Purpose: Physicians are urged to practice shared treatment decision making (STDM), yet this concept is poorly understood. We developed a conceptual framework describing essential characteristics of a shared approach. This study assessed the degree of congruence in the meanings of STDM as described in the framework and as perceived by practicing physicians.
Methods: A cross-sectional survey questionnaire was mailed to eligible Ontario medical and radiation oncologists and surgeons treating women with early-stage breast cancer. Open-ended and structured questions elicited physicians’ perceptions of shared decision making.
Results: Most study physicians spontaneously described STDM using characteristics identified in the framework as essential to this concept.
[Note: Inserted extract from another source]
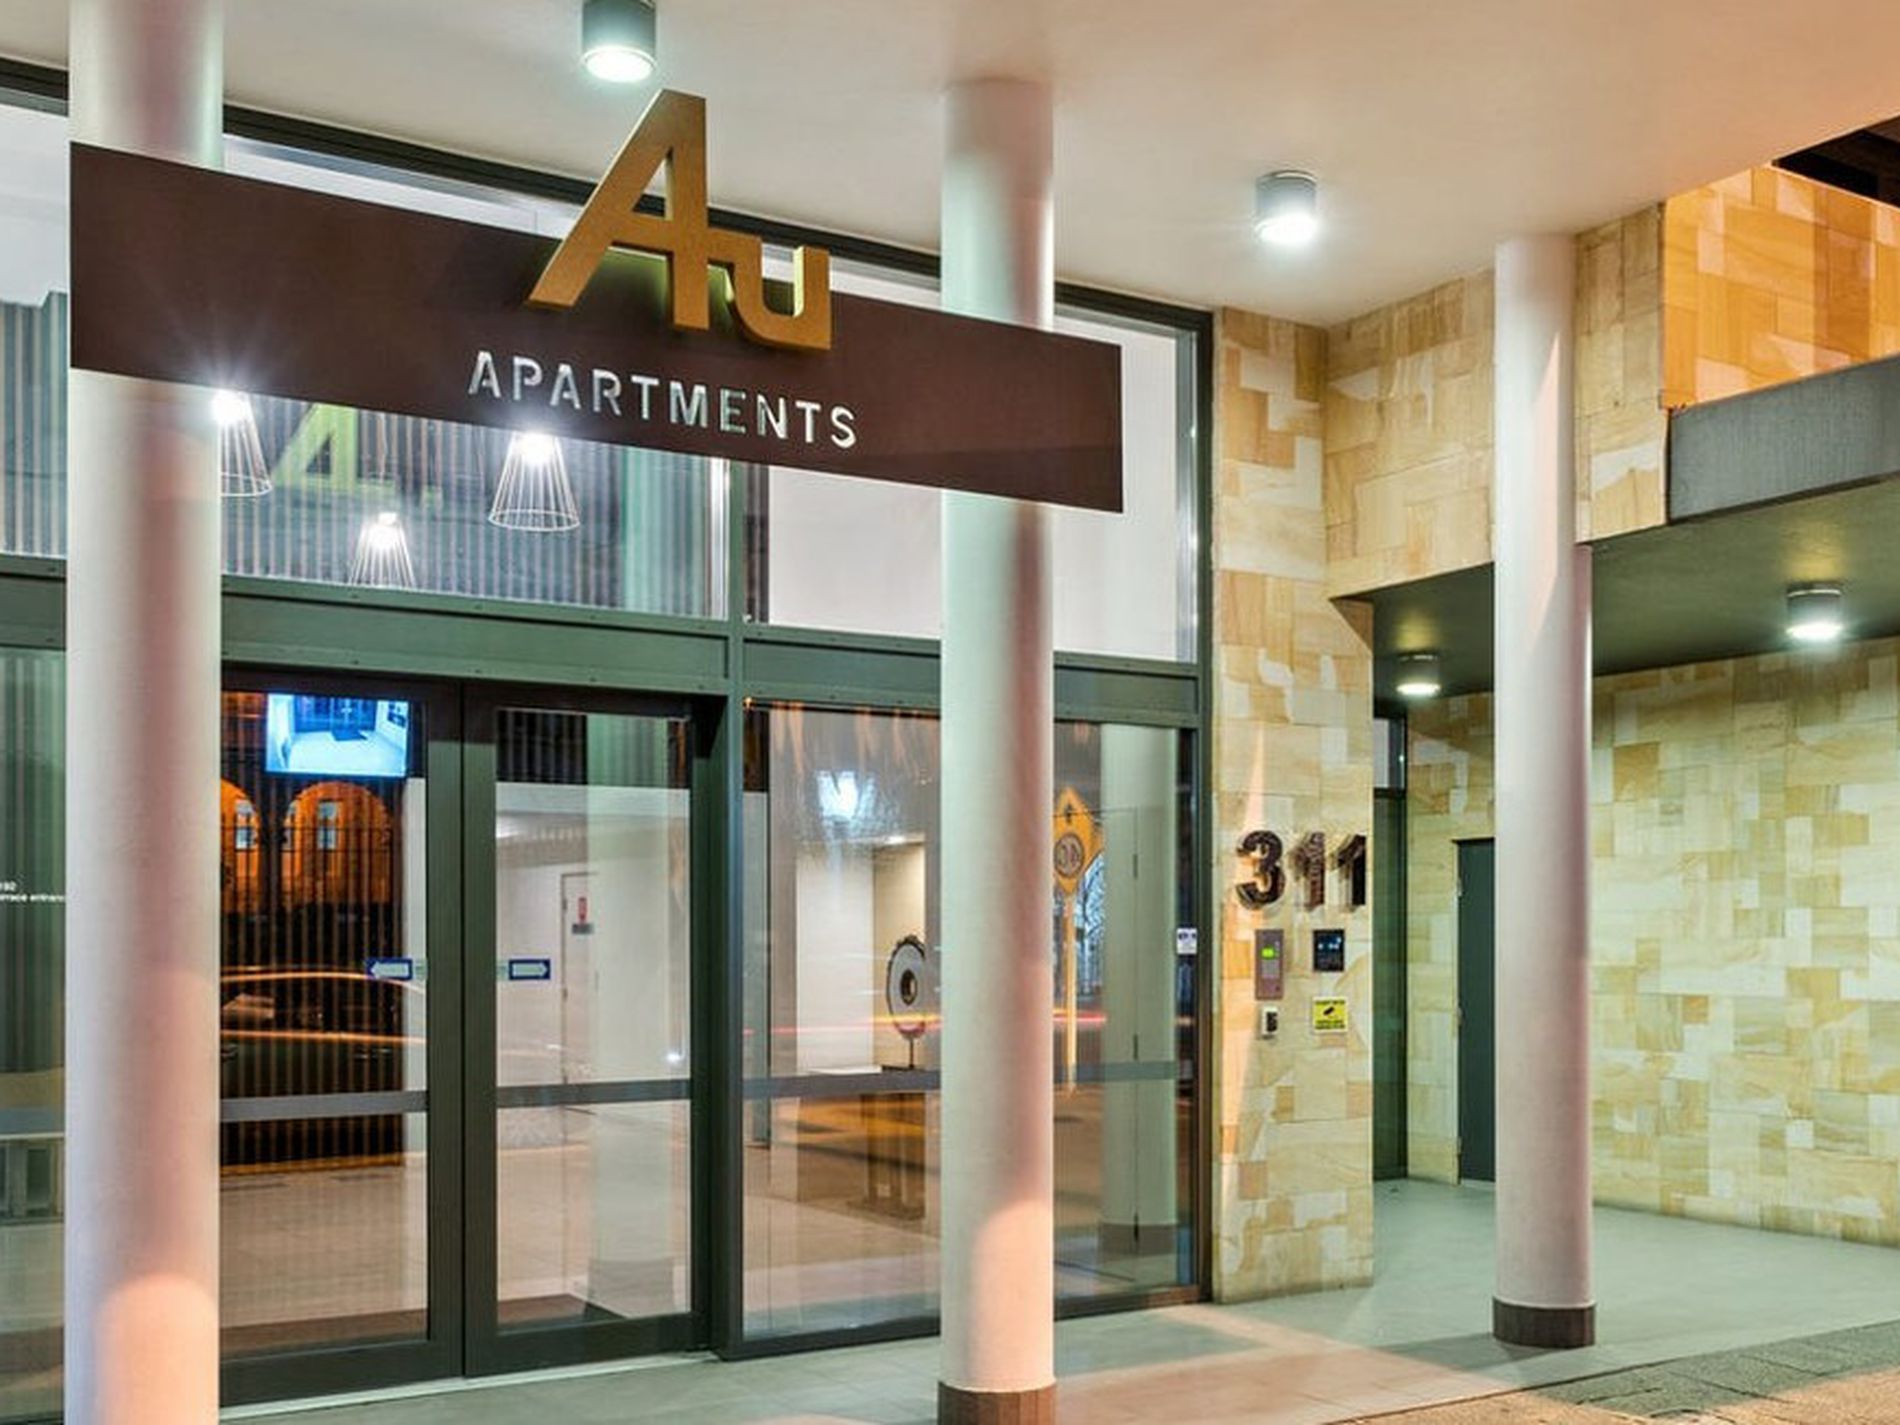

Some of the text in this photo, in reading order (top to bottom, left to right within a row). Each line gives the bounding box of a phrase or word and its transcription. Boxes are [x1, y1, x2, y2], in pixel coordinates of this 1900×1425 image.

[527, 88, 832, 350] Au
[467, 349, 858, 450] APARTMENTS
[1236, 830, 1367, 911] 311
When presented with clinical examples in which the decision-making roles of physicians and patients were systematically varied, study physicians overwhelmingly identified example 4 as illustrating a shared approach. This example was deliberately constructed to depict STDM as defined in the framework. In addition, more than 85.0% of physicians identified as important to STDM specific patient and physician roles derived from the framework. These included the following: the physician gives information to the patient on treatment benefits and risks; the patient gives information to the physician about her values; the patient and physician discuss treatment options; both agree on the treatment to implement.
Conclusion: Substantial congruence was found between the meaning of STDM as described in the framework and as perceived by study physicians. This supports use of the framework as a conceptual tool to guide research, compare different treatment decision-making approaches, clarify the meaning of STDM, and enhance its translation into practice.